About Emily Dickinson (December 10, 1830 – May 15, 1886)


Source: Emily Dickinson Museum

Emily Elizabeth Dickinson was an American poet. She was a little-known poet during her lifetime, but she is now considered one of the most influential personalities in American poetry. Dickinson appears to have spent much of her life in isolation. She would roam around her house, where she lived alone, in white clothing. 


She was renowned for her reluctance to greet guests or, later in life, even leave her bedroom and was considered an eccentric by the townspeople. Dickinson never married, and most of her friendships with others were based solely on letters. Dickinson was a brilliant writer, yet just ten of her roughly 1,800 poems and one letter were published during her lifetime. 

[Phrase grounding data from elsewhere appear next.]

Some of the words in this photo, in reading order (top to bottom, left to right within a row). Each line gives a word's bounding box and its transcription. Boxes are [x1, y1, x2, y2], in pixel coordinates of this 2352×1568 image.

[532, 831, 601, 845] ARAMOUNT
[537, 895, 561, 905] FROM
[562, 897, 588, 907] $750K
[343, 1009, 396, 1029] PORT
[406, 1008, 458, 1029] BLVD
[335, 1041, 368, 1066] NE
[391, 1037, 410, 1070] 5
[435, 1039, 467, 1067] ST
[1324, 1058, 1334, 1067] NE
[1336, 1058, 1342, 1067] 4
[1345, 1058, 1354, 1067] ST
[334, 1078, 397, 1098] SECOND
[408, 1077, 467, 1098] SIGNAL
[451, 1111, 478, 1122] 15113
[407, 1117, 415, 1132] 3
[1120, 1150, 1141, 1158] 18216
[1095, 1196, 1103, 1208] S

Her poetry was one-of-a-kind at the time. Short lines, no titles, and slant rhyme, as well as unorthodox capitalization and punctuation, are common features of her poems.  Many of her poems are about death and immortality, which are constant themes in her letters to her friends, as well as aesthetics, society, nature, and spirituality.


Psychological Analysis


Emily Dickinson lived in a time and place where the culture was embracing Christianity, and she voiced on several occasions how she hoped she could buy into the idea like so many others around her. She insisted, however, that she was unable to do so. In many of her poems, she expresses her incapacity to embrace the message she so desperately wanted to accept. 

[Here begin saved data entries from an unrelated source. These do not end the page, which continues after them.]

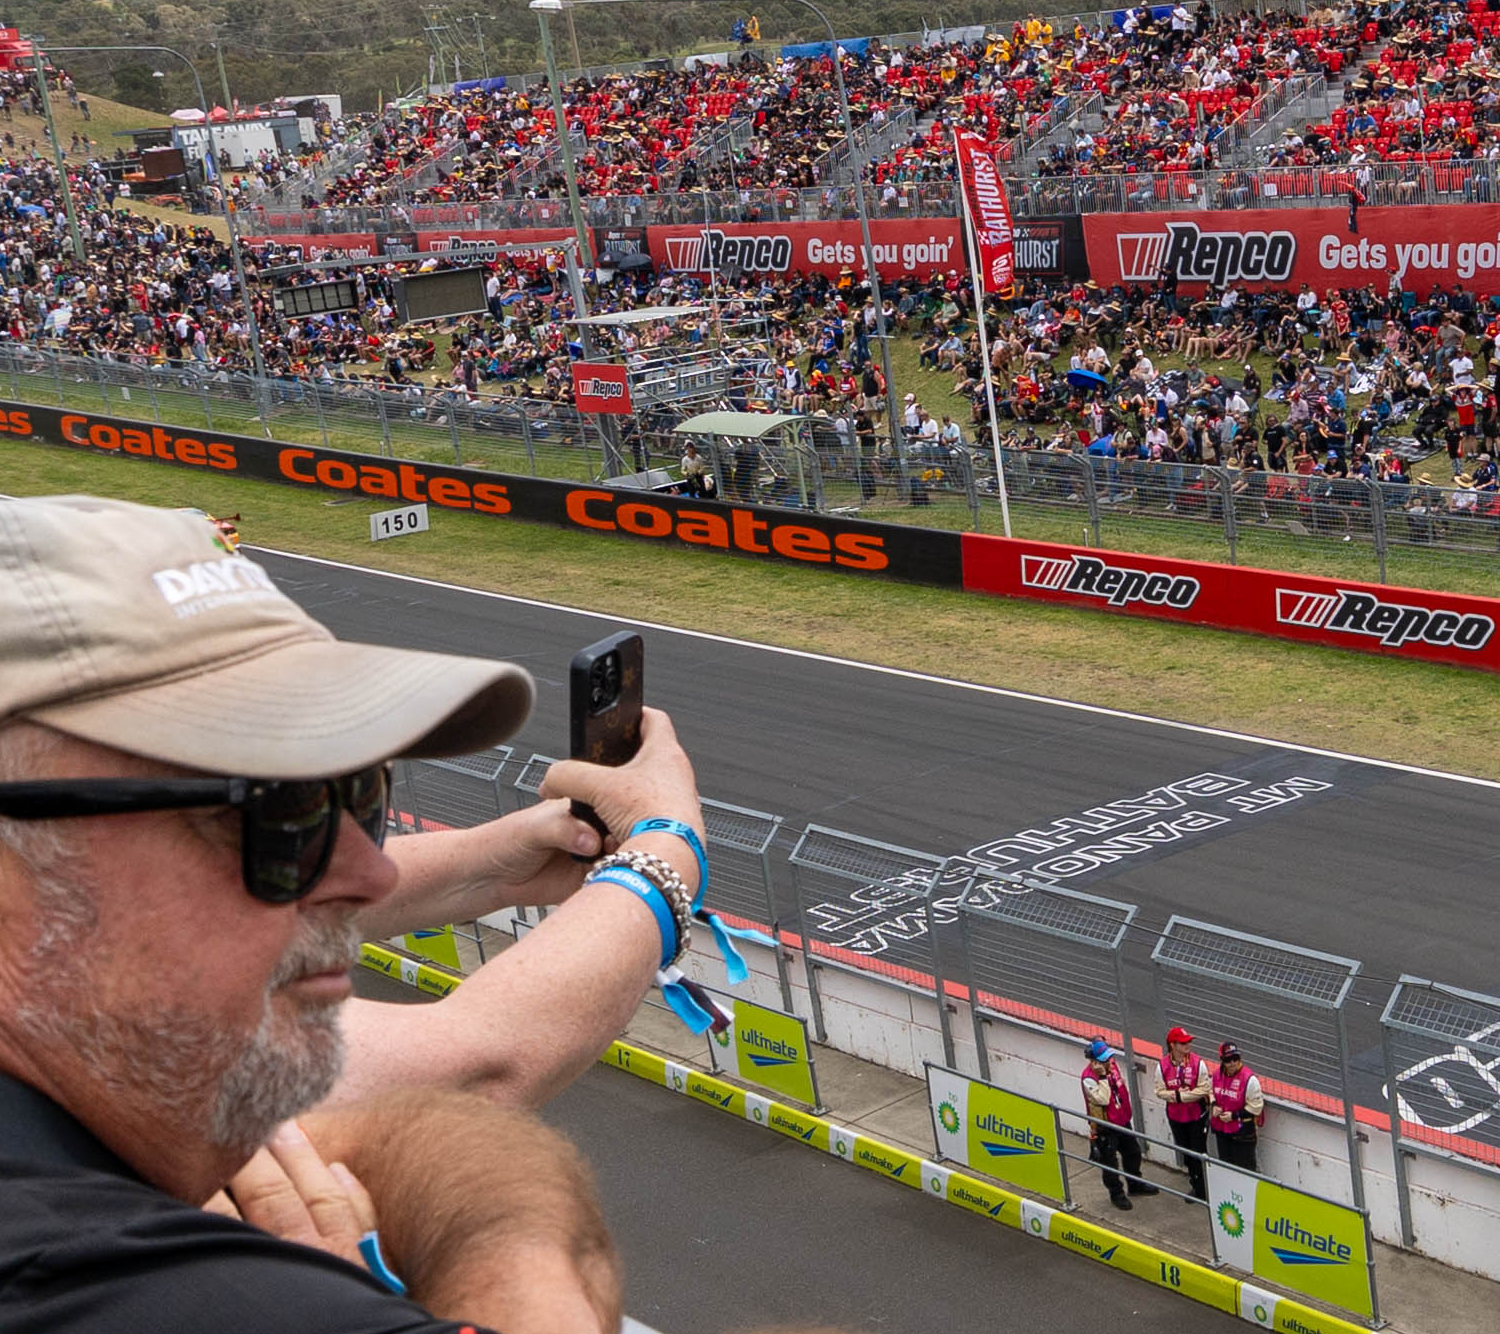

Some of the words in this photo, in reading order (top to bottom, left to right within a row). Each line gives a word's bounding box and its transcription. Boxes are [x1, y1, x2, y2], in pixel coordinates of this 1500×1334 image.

[970, 148, 1013, 247] BATHURST
[807, 238, 855, 265] Gets
[860, 242, 899, 271] you
[902, 236, 954, 272] goin'
[1014, 239, 1060, 268] HURST
[1165, 222, 1298, 291] Repco
[1318, 234, 1387, 270] Gets
[1395, 244, 1454, 278] you
[592, 377, 624, 399] Repco
[61, 414, 238, 470] Coates
[279, 448, 511, 515] Coates
[380, 510, 419, 535] 150
[565, 489, 889, 570] Coates
[1062, 554, 1201, 611] Repco
[1320, 588, 1496, 651] Repco
[741, 1028, 799, 1060] ultimate
[771, 1115, 803, 1135] ultimate
[975, 1113, 1046, 1151] ultimate
[858, 1149, 894, 1171] ultimate
[952, 1187, 990, 1209] ultimate
[1231, 1189, 1244, 1204] bp
[1061, 1230, 1102, 1254] ultimate
[1265, 1217, 1352, 1260] ultimate
[1159, 1261, 1181, 1288] 18

This belief is seen in the poem "I Cannot Live With You," in which the speaker declines a marriage proposal. In this poem, she confronts her beloved, describing every potential conclusion of their union and asserting that it will all end in sorrow.


It starts off by catching us off guard twice in the first two sentences. ‘I cannot live with You': strangely for a love poem, the declaration is the polar opposite of ‘I cannot live without you.' Then there's the reason: 'It would be Life.' Not death, as one might think, but rather the more optimistic ‘Life.' 


However, for Dickinson, this ‘Life' is far from happy: it is restricted and hidden, ‘Behind the Shelf,' as if it had been locked away by a sexton (or church officer). The porcelain cup with cracks that are tossed away by a housewife is the symbol for their ‘would be’ life together. The broken cup is replaced by a newer one could also mean that somebody new, without any “cracks” would come and replace the narrator.


The narrator expresses that she can neither die the one she loves nor can she rise with him because his face is too beautiful and would overshadow Jesus' face. Dickinson would be unable to glimpse paradise because her lover's face would block her view. She can't imagine hell, either, because hell for her is simply being without him since he’s a believer of God and would go to heaven.


They appear doomed to spend their time in the hereafter alone, just as their lives must be spent apart and their deaths must be solitary - at least, this is how Dickinson sees it. 


Dickinson and her lover will meet, but only in a way that reminds us of the distance between them, just as two people in two separate rooms can only glimpse and hear each other through a door left ajar, or two people who are oceans apart (but who can, for example, ‘meet' through corresponding if not by meeting in the flesh).


Finally, Dickinson compares this type of relationship to a religious person's relationship with God: "Prayer" is a manner of "meeting" God while simultaneously reminding the mortal worshipper that God is up there while they are down here on Earth.


Summing Up


‘I Cannot Live With You' is both a love poem and an anti-love poem, or, to put it another way, a poem in opposition to the act of love. The use of imagery in Emily Dickinson's poetry brings her experience to life. 


The cup, the shelf, Jesus, the Sexton, and the door are the things she uses to describe her thoughts and feelings, which range from a broken heart to a partially opened door with a ray of hope. Overall, Dickinson demonstrates in this poem that she has no choice but to remain lonely and dissatisfied in the absence of her loved one.